> TASK REQUIREMENTS
Word for word, copy out the entries below, but not the pictures in them.

▬▬▬▬▬▬▬▬▬▬

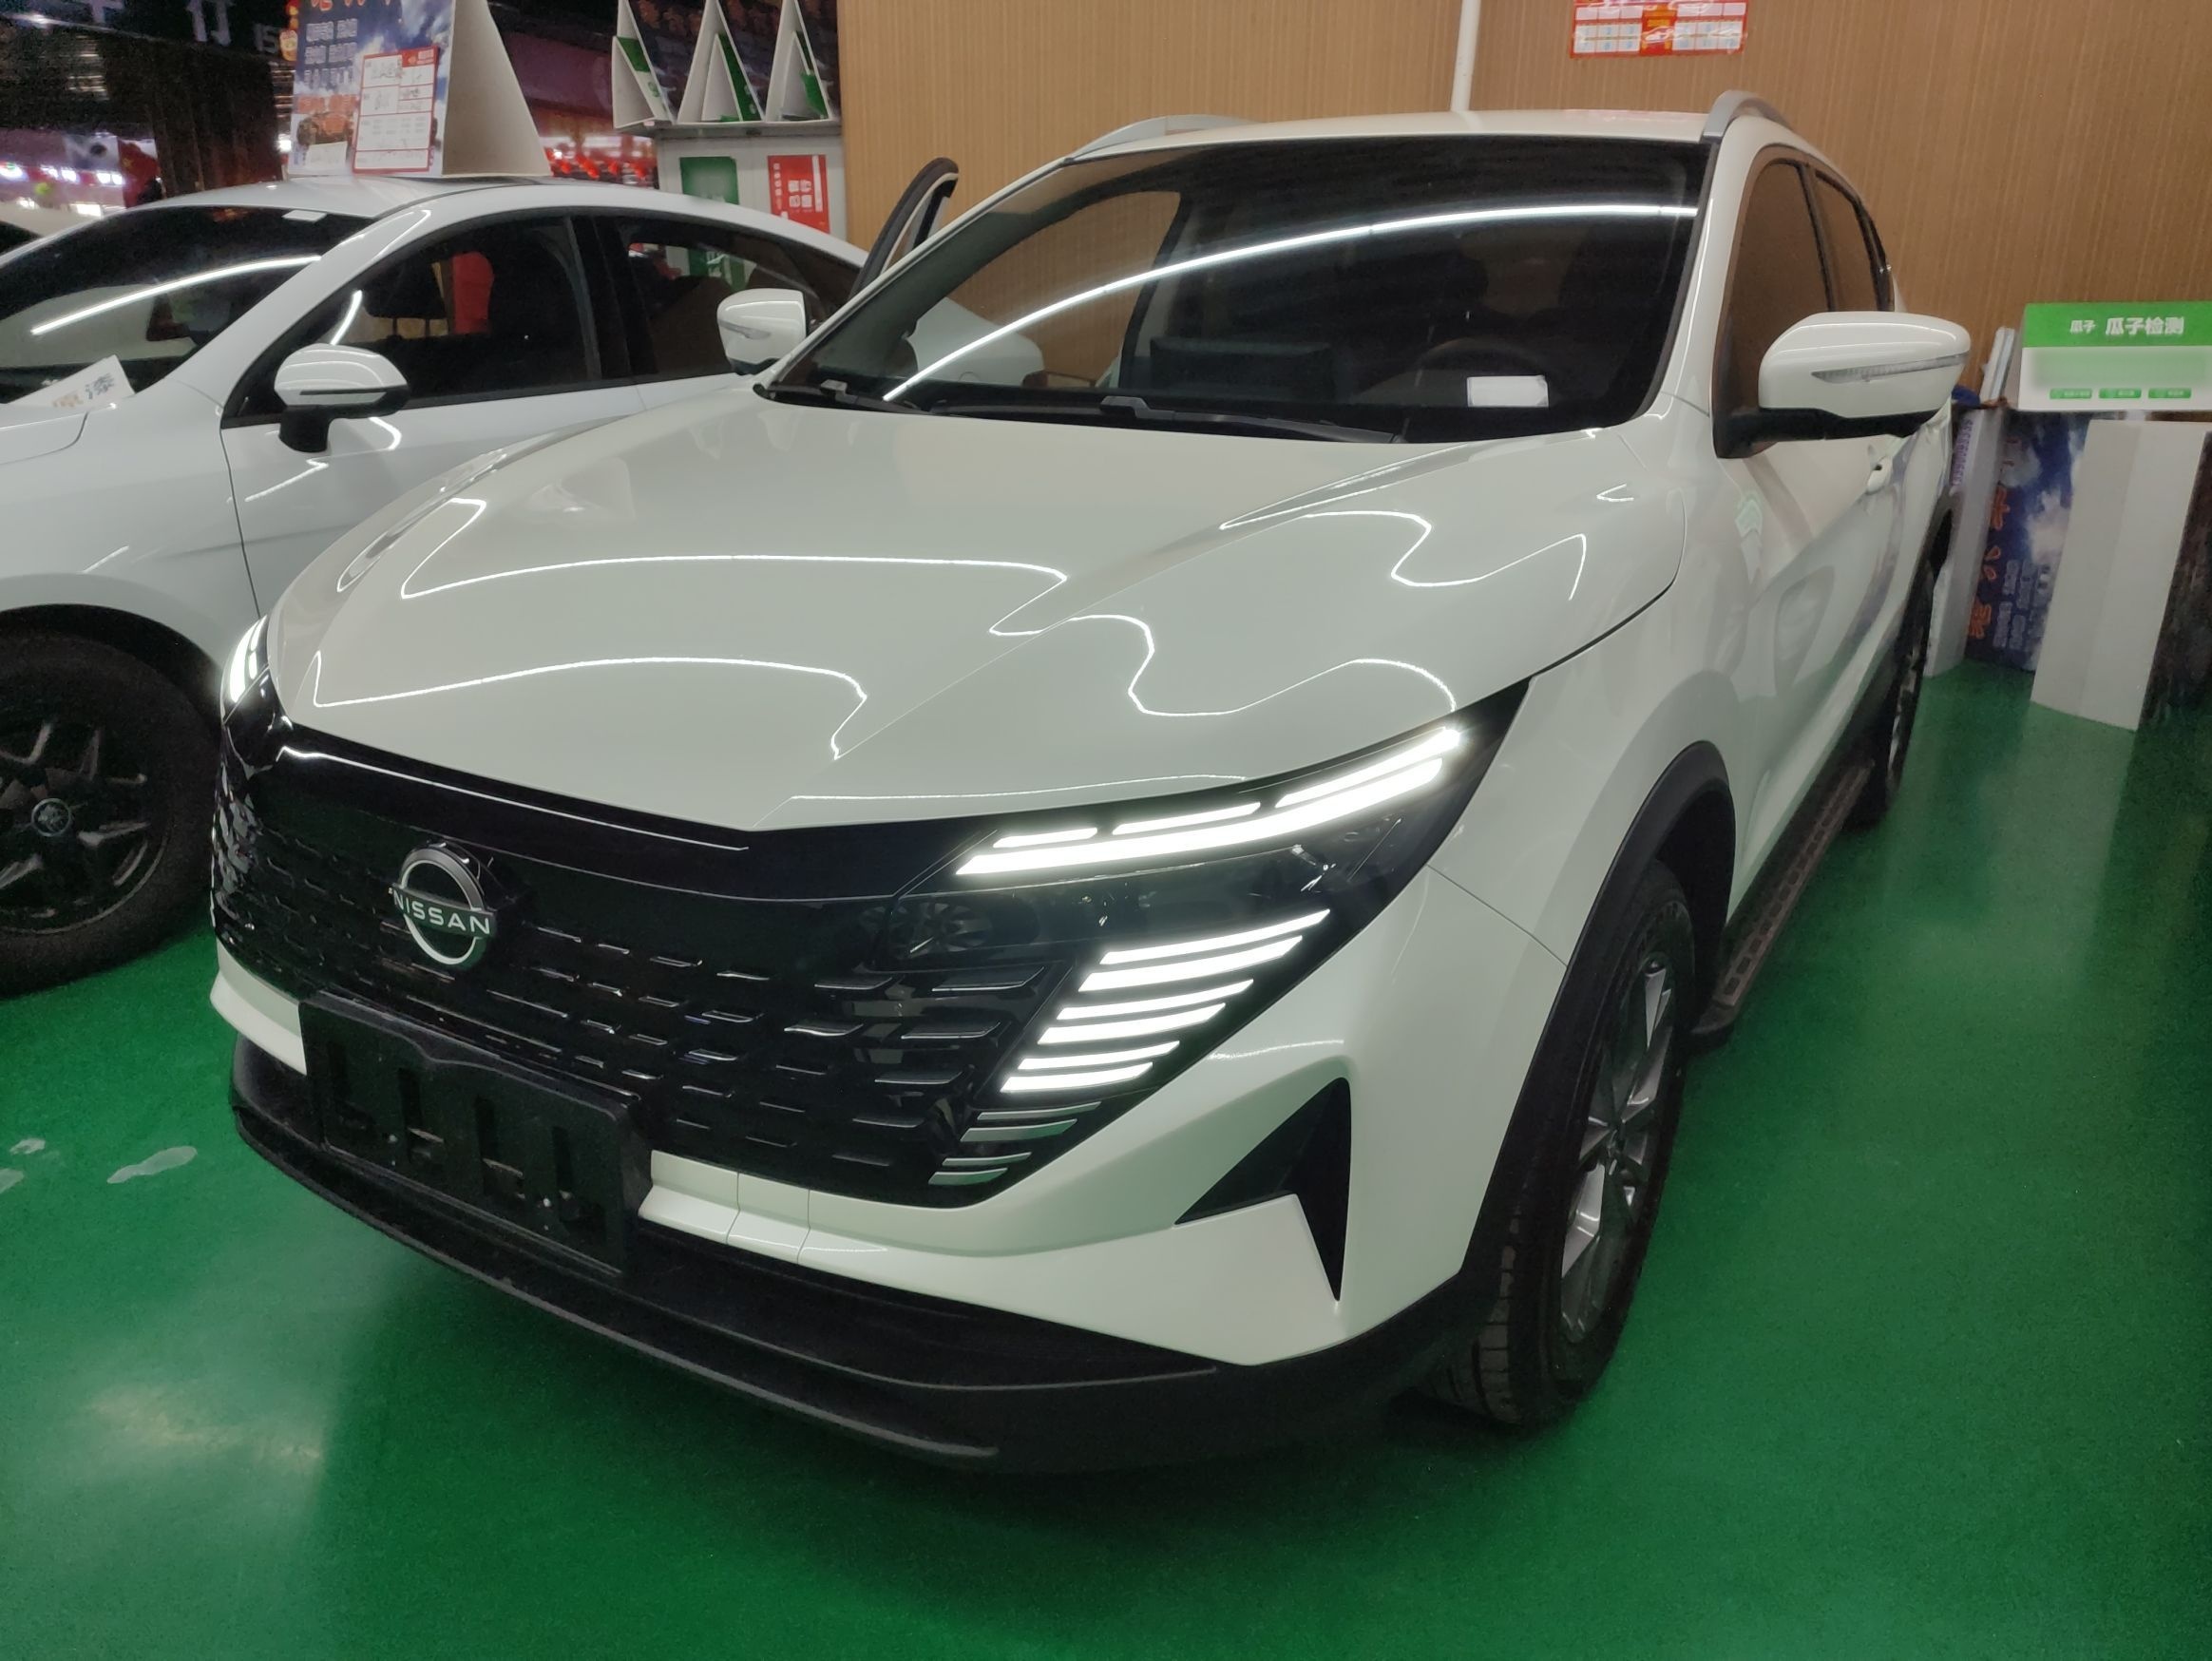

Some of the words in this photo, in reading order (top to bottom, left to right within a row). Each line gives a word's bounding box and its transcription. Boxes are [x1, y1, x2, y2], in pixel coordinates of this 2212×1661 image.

[2069, 319, 2096, 334] 瓜子
[2105, 316, 2184, 335] 瓜子检测
[393, 889, 490, 935] NISSAN
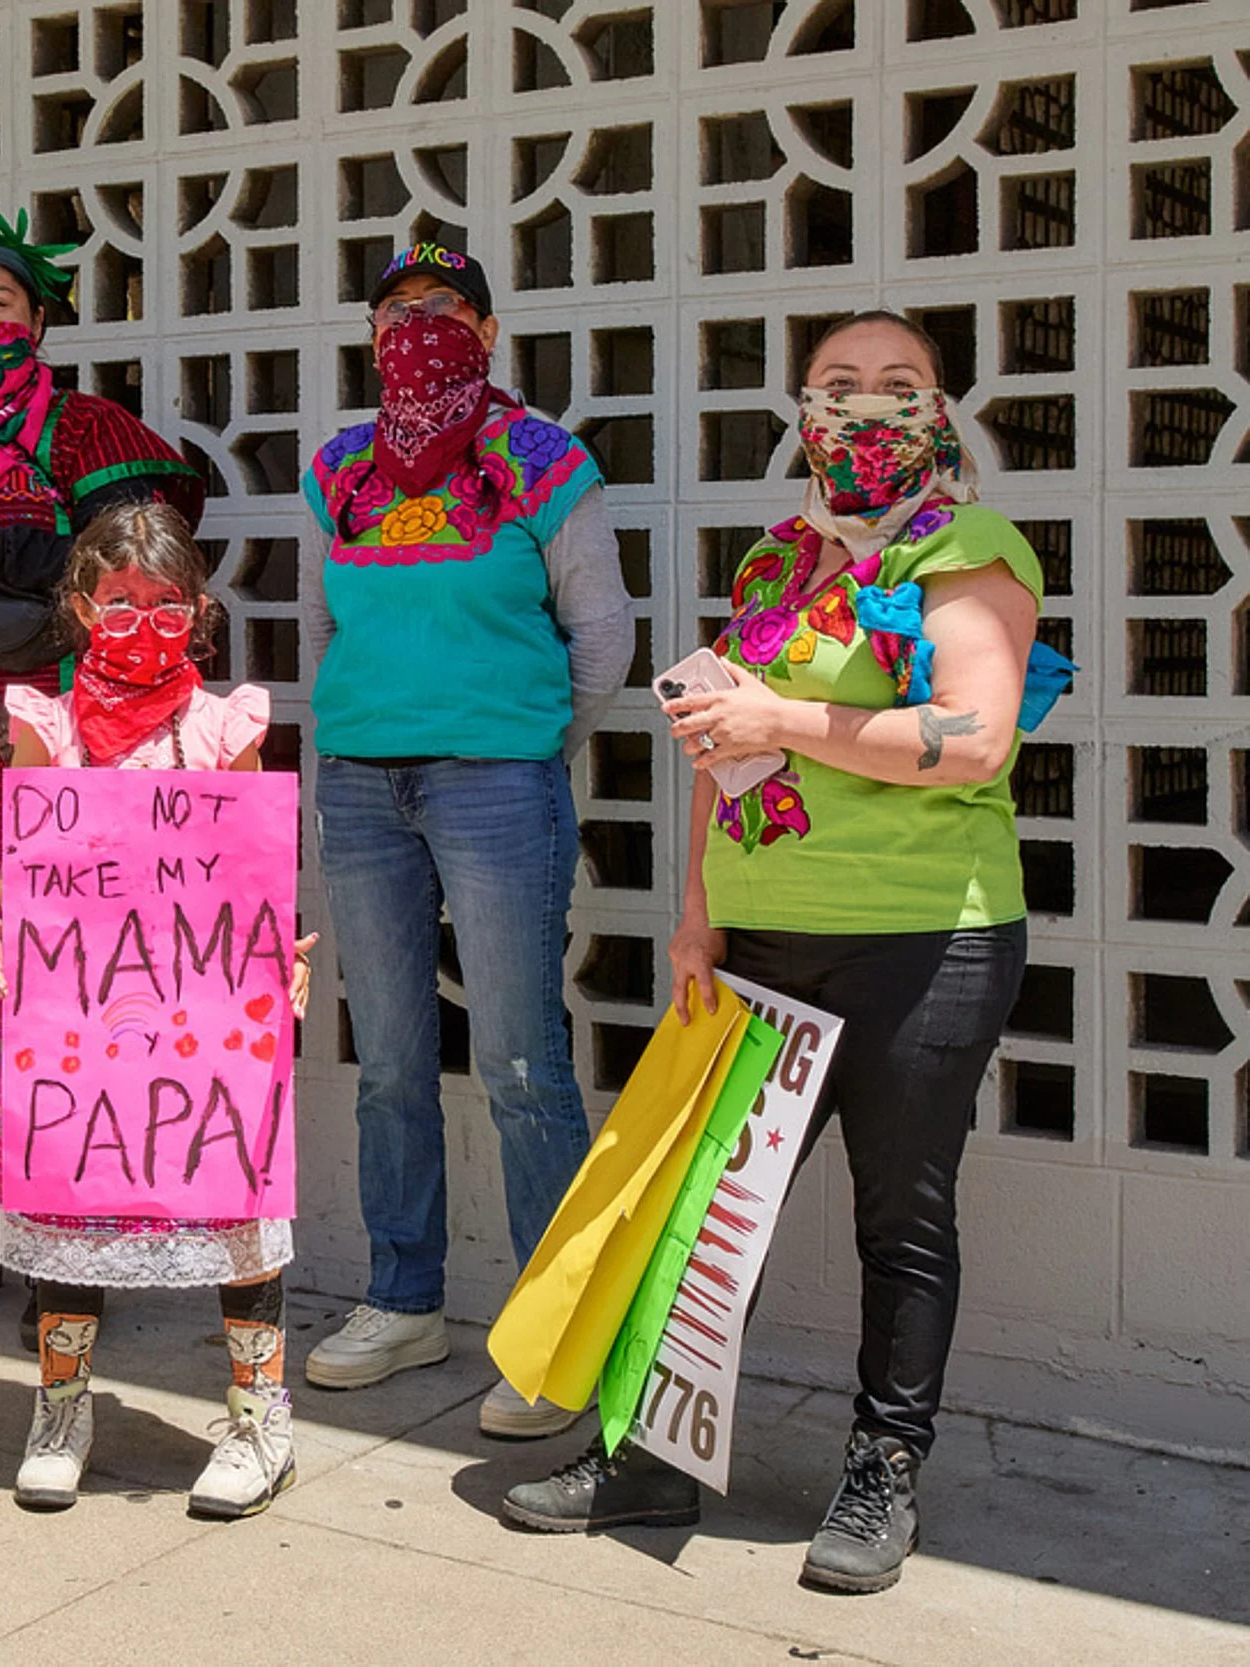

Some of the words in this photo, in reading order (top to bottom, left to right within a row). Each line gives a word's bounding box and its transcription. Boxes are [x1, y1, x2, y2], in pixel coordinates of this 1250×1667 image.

▬▬▬▬▬▬▬▬▬▬

> OUTPUT FOR THIS TASK
Some of the words in this photo, in reading order (top to bottom, left to right within a row). Each line gives a word's bounding box and its transcription. Boxes are [x1, y1, x2, y2], in pixel coordinates of this 2212×1661 image.

[2069, 319, 2096, 334] 瓜子
[2105, 316, 2184, 335] 瓜子检测
[393, 889, 490, 935] NISSAN

Some of the words in this photo, in reading order (top to bottom, left to right within a row). Each line gives a word's bounding box and its transcription. Boxes are [x1, y1, x2, y2], in pixel coordinates of this 1250×1667 image.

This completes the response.